TASK INSTRUCTIONS>
Repeat the data verbatim, images excluded.

INFORMATION SUPPLIED>

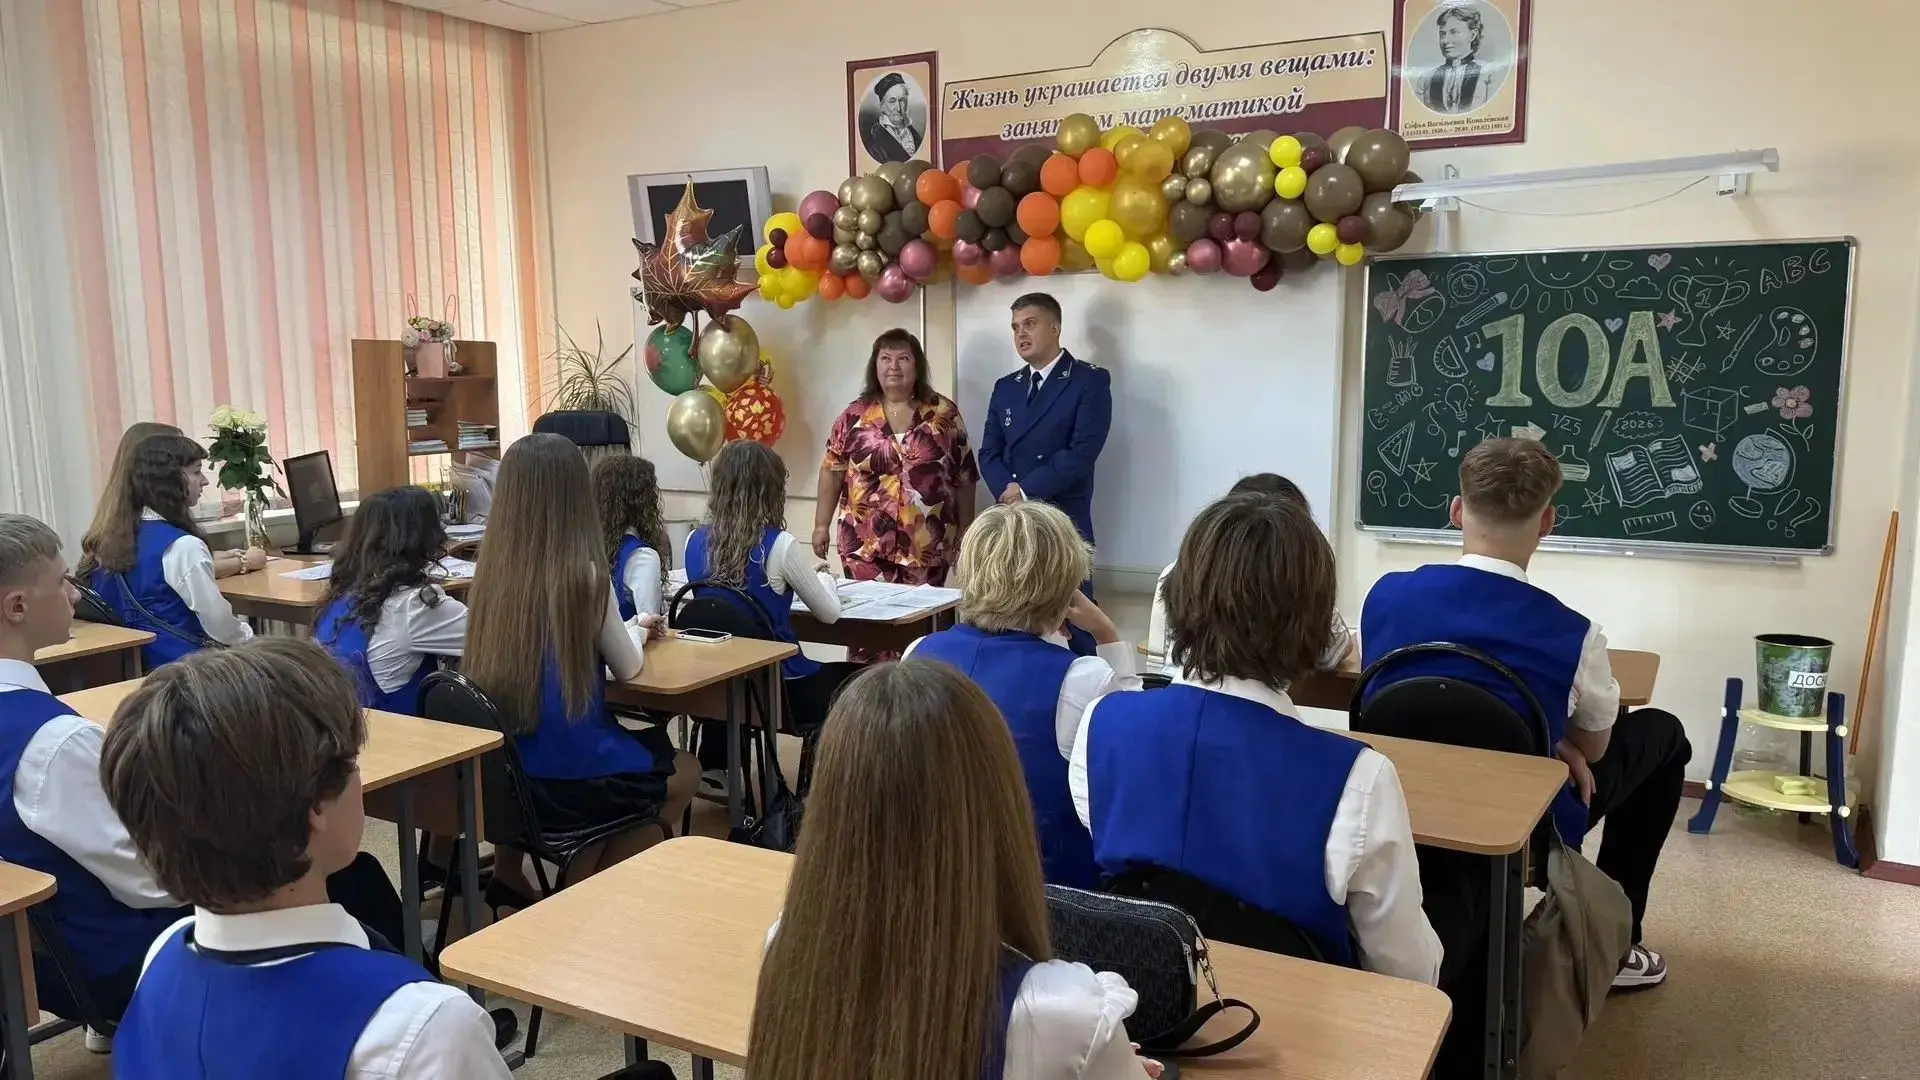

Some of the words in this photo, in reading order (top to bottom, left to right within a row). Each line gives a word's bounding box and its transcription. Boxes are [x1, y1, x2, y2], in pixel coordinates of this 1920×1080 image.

[950, 88, 1019, 110] Жизнь
[1024, 71, 1169, 107] украшается
[1175, 62, 1253, 88] двумя
[1260, 48, 1375, 77] вещами:
[1119, 87, 1304, 126] математикой

RESPONSE TO THIS EXERCISE>
Some of the words in this photo, in reading order (top to bottom, left to right within a row). Each line gives a word's bounding box and its transcription. Boxes are [x1, y1, x2, y2], in pixel coordinates of this 1920×1080 image.

[950, 88, 1019, 110] Жизнь
[1024, 71, 1169, 107] украшается
[1175, 62, 1253, 88] двумя
[1260, 48, 1375, 77] вещами:
[1119, 87, 1304, 126] математикой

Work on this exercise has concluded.